The question with DDoS attacks—like the rain—is not IF they’re coming, but WHEN. And WHEN they affect your business, how BIG will the impact be?
It’s no secret that people are worried about DDoS attacks—that’s one of the top security concerns in 2014. They can tarnish brand reputation, impact revenue, and result in unplanned recovery costs—which can affect your job and future work.
So how can you mitigate the impact of DDoS attacks to business? Paul Nicholson, Director of Product Marketing at A10 Networks, addressed this question and more after he was safe and dry in Moscone Center.
Network threats include volumetric attacks that consume targets’ bandwidth (for example, TCP SYN Flood, UDP Flood, and ICMP Flood), protocol attacks that are targeted high rate protocol attacks to exhaust specific resources (for example, Ping of Death, LAND attack, and DNS Amplification attack), resource attacks that exhaust resources by using traffic that seems legitimate (for example, Slowloris, Slow READ, and HTTP GET attacks), and application attacks that exploit vulnerabilities in the application (for example, SQL Injection and cross-site scripting).
And what are some considerations for effective DDoS mitigation?
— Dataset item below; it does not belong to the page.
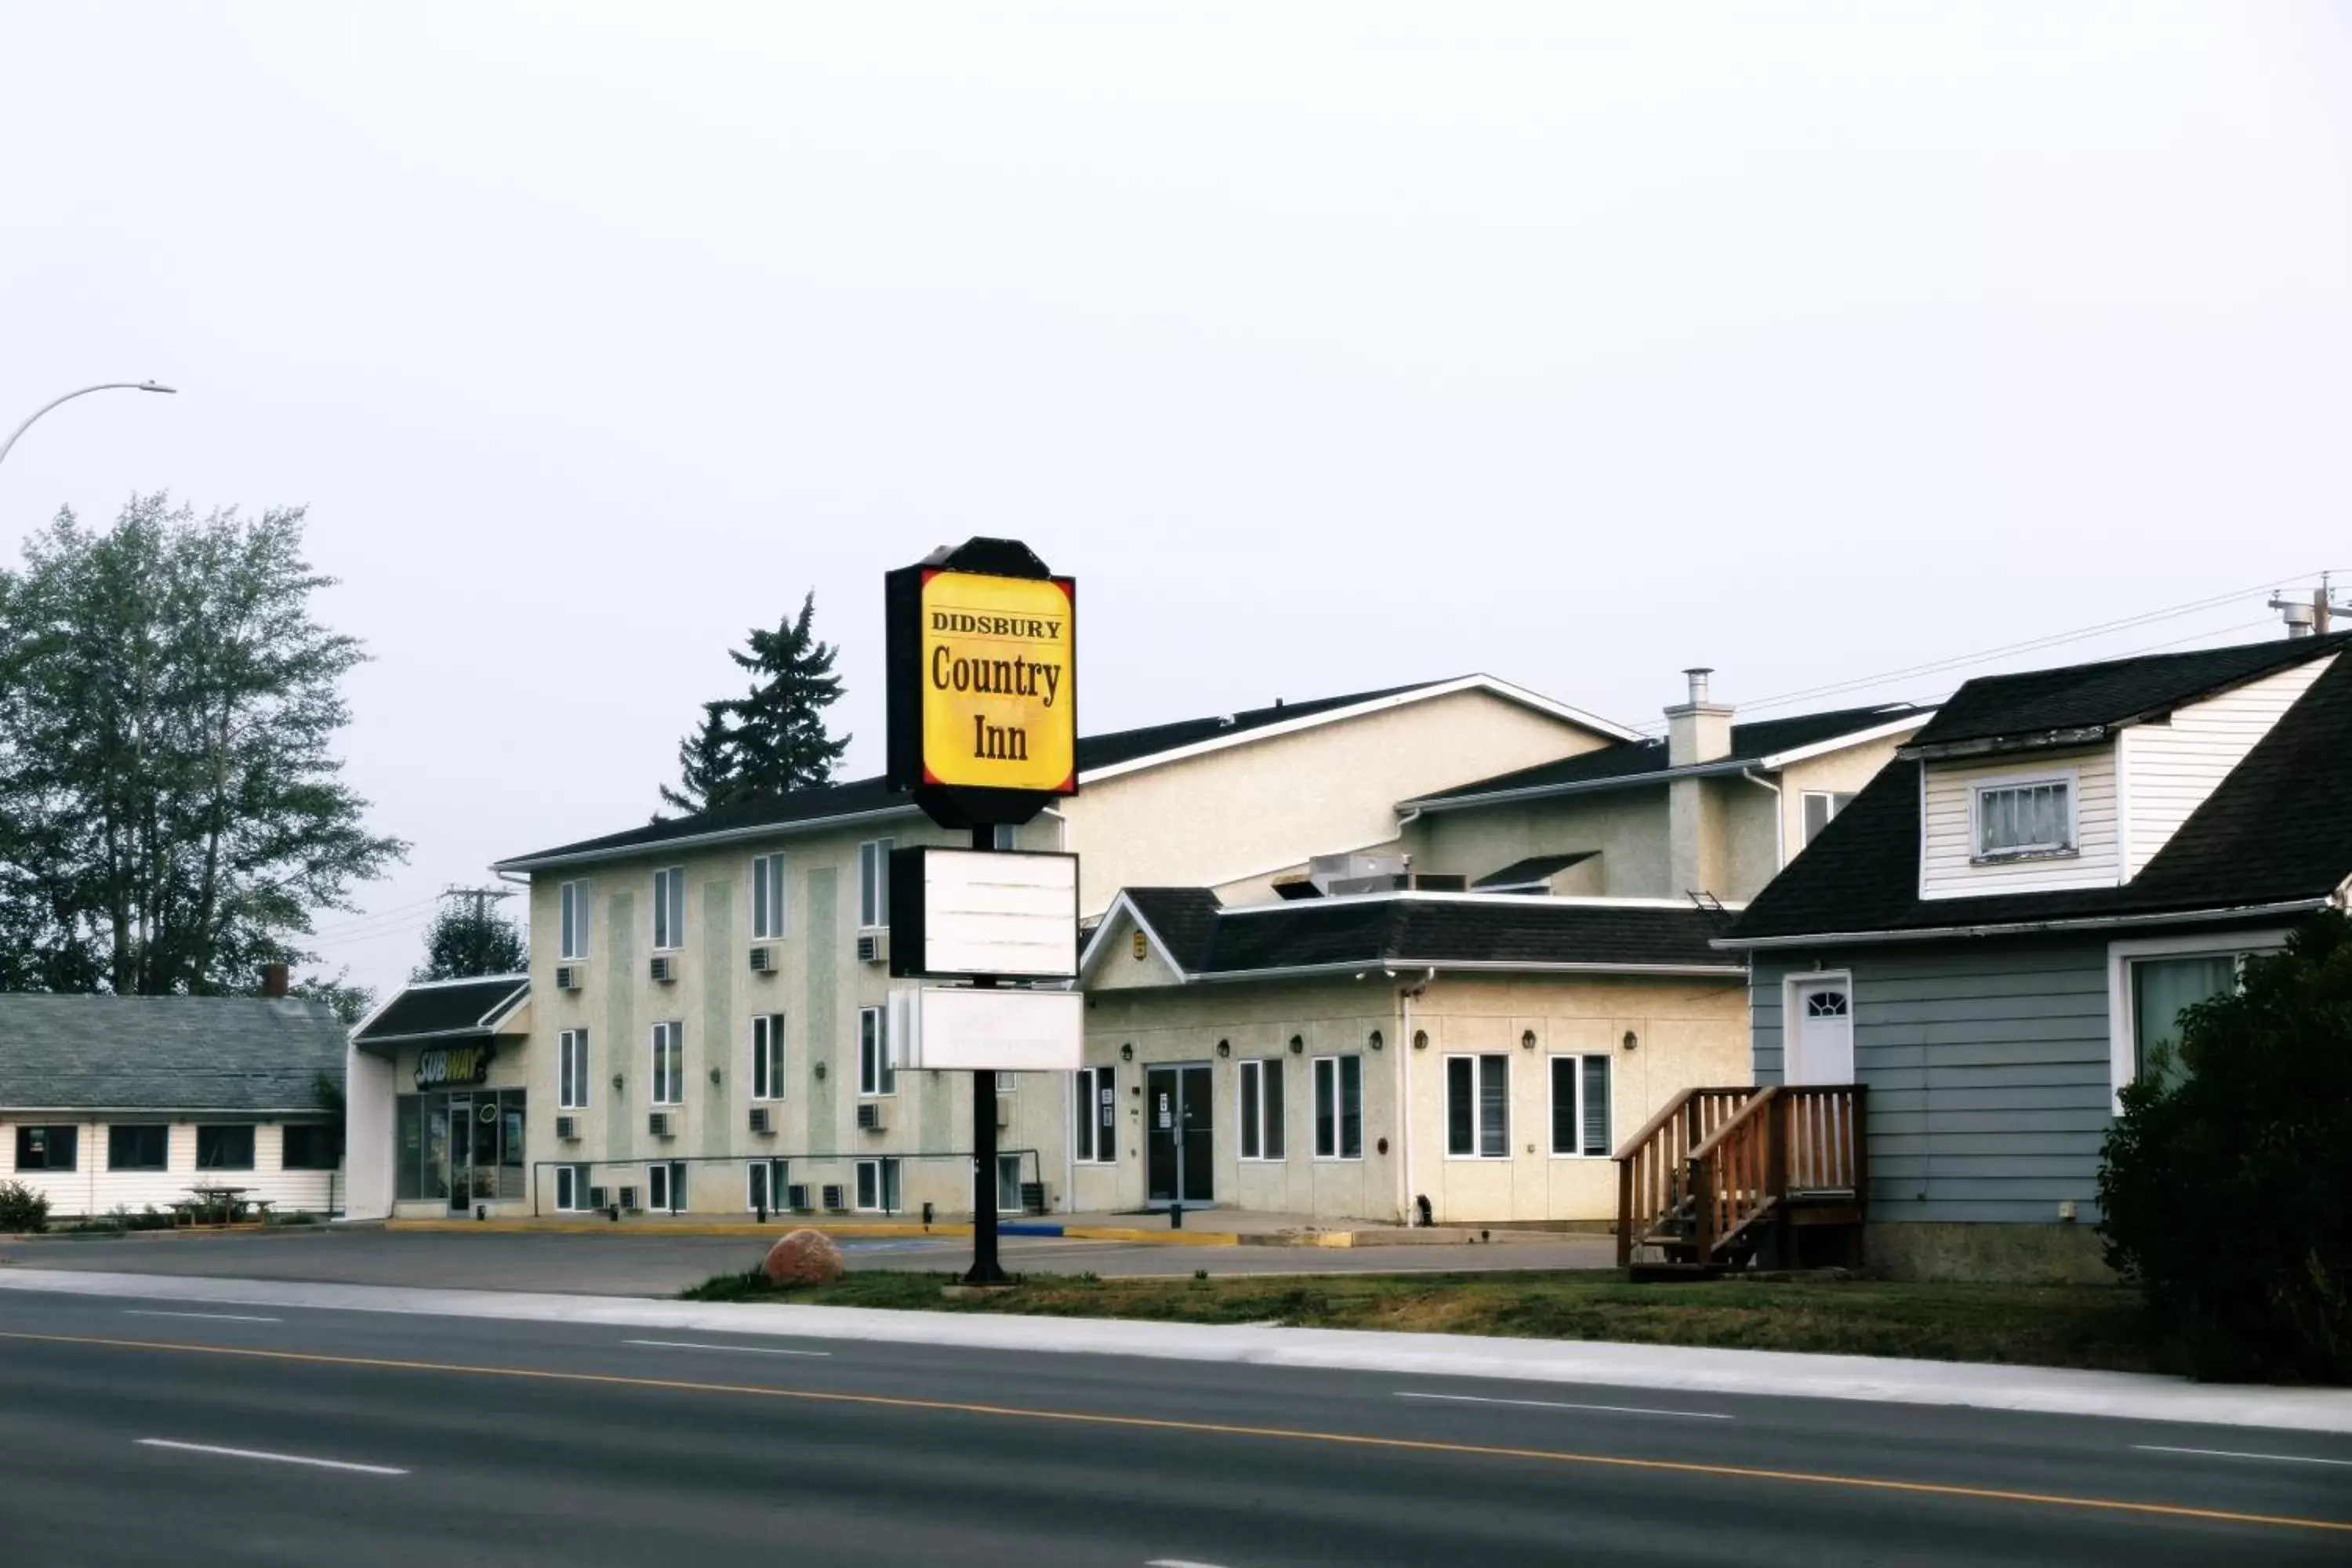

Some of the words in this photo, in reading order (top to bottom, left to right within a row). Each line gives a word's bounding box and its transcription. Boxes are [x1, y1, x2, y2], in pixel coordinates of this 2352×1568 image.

For volumetric attacks—scale with attack capacity growth. For protocol attacks—use high-speed packet and protocol integrity check and precise threat lookup for burst attack. For resource attacks (which includes some application attacks)—advanced L4-L7 intelligence and DPI, plus high processing capacity.
What are A10 Networks solutions? They’re built on A10’s popular Advanced Core Operating System (ACOS)—a 64-bit multi-core optimized technology platform that provides application security, application acceleration, and application availability. ACOS can handle a lot of big problems.
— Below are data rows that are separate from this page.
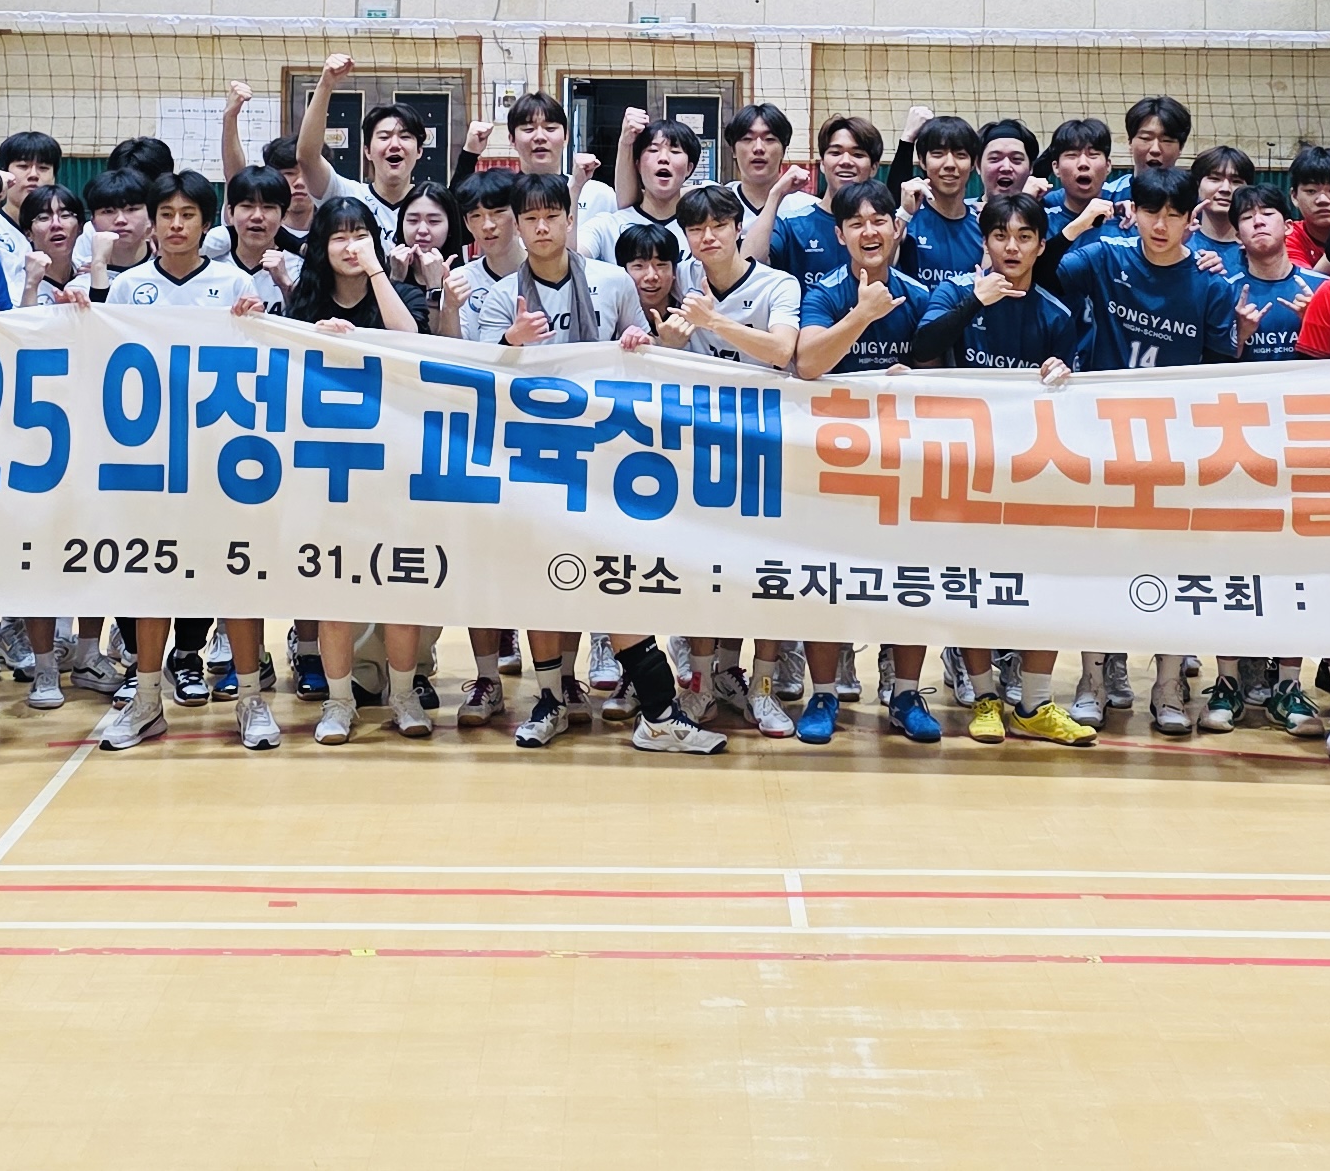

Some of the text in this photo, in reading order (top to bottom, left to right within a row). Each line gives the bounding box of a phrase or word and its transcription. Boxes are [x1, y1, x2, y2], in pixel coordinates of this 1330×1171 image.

[1107, 300, 1197, 338] SONGYANG
[1122, 322, 1174, 342] HIGH-SCHOOL
[1129, 341, 1159, 368] 14
[98, 342, 385, 505] 의정부
[409, 361, 782, 521] 교육장배
[63, 538, 195, 579] 2025.
[226, 541, 268, 580] 5.
[297, 543, 448, 589] 31.(토)
[593, 553, 682, 595] 장소
[752, 559, 1030, 608] 효자고등학교
[1175, 574, 1264, 616] 주최
Thunder Threat Protection System (TPS) is a dedicated DDoS mitigation solution for larger networks that only require DDoS protection. Covering the entire network, it has unique deployment modes and additional features. Thunder TPS gives the highest performance and affordable DDoS mitigation within the business’s own control.
Thunder Application Delivery Controller (ADC) is multi-service. It’s compact, complete, and converges DDoS, ADC, and other solutions for servers. Thunder ADC provides comprehensive application services, high consolidation, and is simple to own and operate.
Paul closed his presentation by running through several attack mitigation examples, showing functional testing with Ixia’s BreakingPoint. This illustrates that although DDoS attacks are an ongoing concern, using the appropriate mitigation solutions will help you win the fight and get under the umbrella of better security.
Thanks to Ixia for inviting A10 to give this presentation at RSA and talk to many interesting conference attendees. Look forward to continuing the conversation.